At the Labour Party conference in 1957, Aneurin Bevan (then Shadow Foreign Secretary) astonished his supporters by denouncing demands for unilateral nuclear disarmament. Duff responded by joining with others to establish in January 1958 the Campaign for Nuclear Disarmament (CND), which set its aims as persuading Britain to "renounce unconditionally the use or production of nuclear weapons and refuse to allow their use by others in her defence". Duff became the Organising Secretary for the campaign, and her energy and resilience became well known to all the supporters. Canon John Collins, Chair of CND, noted that she never gave the impression of efficiency 'and seemed thoroughly slapdash', but that her work had impressive results. She organised the second and subsequent Aldermaston Marches, 1959-1963.

Later life

Duff left CND in 1965 to work for the International Confederation for Disarmament and Peace. She resigned from the Labour Party on 10 May 1967 over Harold Wilson's diplomatic support for the United States in the Vietnam war and refusal to condemn the Greek dictatorship of 'the Colonels'. In later life she wrote her memoirs, "Left, Left, Left" in 1971 and edited and wrote part of "War or Peace in the Middle East?" (1978) in which she argued for "no more blank cheques for Israel". She died of Breast cancer in University College Hospital.

Criticism and Chomsky

Bernard Levin, when reviewing "Left, Left, Left", derided Duff and the other members of CND for living in a dream world and blamed them for allowing nuclear weapons to proliferate.

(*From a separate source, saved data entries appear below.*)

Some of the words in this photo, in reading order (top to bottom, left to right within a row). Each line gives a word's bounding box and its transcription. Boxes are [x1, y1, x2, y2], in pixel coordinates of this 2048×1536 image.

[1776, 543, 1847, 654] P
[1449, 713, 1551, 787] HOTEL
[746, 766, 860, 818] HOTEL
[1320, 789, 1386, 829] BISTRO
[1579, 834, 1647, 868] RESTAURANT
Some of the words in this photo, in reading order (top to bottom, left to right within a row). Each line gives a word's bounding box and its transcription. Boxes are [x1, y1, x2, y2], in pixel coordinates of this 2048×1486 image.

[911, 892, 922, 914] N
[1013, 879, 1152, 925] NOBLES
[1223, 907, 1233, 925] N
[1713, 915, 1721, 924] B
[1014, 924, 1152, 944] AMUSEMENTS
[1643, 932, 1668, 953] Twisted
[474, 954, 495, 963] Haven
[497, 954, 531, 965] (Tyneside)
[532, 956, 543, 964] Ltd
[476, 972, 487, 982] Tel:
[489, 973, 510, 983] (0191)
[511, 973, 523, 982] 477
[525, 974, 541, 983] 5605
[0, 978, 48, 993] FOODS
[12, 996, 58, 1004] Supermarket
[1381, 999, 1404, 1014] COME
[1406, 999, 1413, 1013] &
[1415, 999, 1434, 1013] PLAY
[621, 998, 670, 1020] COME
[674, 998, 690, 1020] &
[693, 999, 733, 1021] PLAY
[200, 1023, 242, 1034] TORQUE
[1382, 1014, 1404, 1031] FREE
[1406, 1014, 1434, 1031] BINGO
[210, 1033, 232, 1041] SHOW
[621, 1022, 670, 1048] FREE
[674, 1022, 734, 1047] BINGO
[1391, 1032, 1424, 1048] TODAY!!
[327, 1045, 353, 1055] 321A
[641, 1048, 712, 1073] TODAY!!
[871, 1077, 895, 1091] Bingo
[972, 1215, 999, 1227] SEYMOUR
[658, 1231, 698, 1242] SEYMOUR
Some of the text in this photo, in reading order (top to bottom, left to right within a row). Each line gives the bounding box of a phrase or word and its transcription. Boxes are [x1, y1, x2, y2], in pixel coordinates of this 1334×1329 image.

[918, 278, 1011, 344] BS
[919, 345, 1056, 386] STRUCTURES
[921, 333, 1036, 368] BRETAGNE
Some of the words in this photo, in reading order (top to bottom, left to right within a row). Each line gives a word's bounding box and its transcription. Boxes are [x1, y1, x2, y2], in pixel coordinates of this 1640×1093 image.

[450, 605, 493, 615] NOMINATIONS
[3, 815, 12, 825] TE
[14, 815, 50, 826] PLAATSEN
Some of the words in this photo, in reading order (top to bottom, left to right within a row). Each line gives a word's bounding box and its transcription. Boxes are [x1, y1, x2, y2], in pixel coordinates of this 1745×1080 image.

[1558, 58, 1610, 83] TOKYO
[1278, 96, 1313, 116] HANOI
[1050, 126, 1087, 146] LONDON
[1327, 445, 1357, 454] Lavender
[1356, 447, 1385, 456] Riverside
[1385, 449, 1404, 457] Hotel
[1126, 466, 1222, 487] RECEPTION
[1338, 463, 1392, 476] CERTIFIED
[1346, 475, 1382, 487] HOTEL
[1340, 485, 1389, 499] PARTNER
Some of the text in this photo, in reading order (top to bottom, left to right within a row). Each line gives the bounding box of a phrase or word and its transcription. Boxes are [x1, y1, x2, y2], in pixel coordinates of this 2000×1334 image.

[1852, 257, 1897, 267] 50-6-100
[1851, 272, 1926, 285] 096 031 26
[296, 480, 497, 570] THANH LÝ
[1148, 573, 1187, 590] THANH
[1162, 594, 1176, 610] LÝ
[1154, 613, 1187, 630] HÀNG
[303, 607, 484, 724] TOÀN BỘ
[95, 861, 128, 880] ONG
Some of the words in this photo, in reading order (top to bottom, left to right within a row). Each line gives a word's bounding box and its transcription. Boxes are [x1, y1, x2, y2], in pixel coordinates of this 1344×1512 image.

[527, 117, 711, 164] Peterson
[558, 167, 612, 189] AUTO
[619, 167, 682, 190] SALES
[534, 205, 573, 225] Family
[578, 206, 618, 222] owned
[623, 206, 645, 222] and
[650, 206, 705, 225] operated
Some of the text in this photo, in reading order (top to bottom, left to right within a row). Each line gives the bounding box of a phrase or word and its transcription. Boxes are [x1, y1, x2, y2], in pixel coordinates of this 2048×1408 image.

A young Christopher Hitchens lamented the "lack of a single passage of political analysis" in the book, and cast doubt at Duff's claim to have decided to become a political activist after being widowed because it was "as good a way as any other of earning a living".

Noam Chomsky, a contributor to "War or Peace in the Middle East?", described Duff as "one of the people who really changed modern history". On 31 March 1995 he said:

:She is a woman, an activist, a serious intellectual, a knowledgeable and informed writer—and therefore unknown outside the universe of others who are actually engaged in the problems of the world. She has disappeared from history. She's not a "public intellectual"; she was far too important in modern history for that. She spent no time posturing before other intellectuals or inhabiting the various cocoons of the literary intellectual culture. She belongs to the same category as the SNCC [Student Nonviolent Coordinating Committee] workers who carried out the civil rights movement in the U.S., or the dedicated Christian activists who were at the core of the solidarity movements of the '80s, or the unknown people who created the labor movements, or the other people who have mattered in history, and are therefore unknown and forgotten (if ever known in respectable ­ i.e., intellectually and morally corrupt ­ circles). . . [Duff is] typical of people who make a difference in history. She's also typical of the people in my actual milieu, since childhood, except for her unusual international prominence.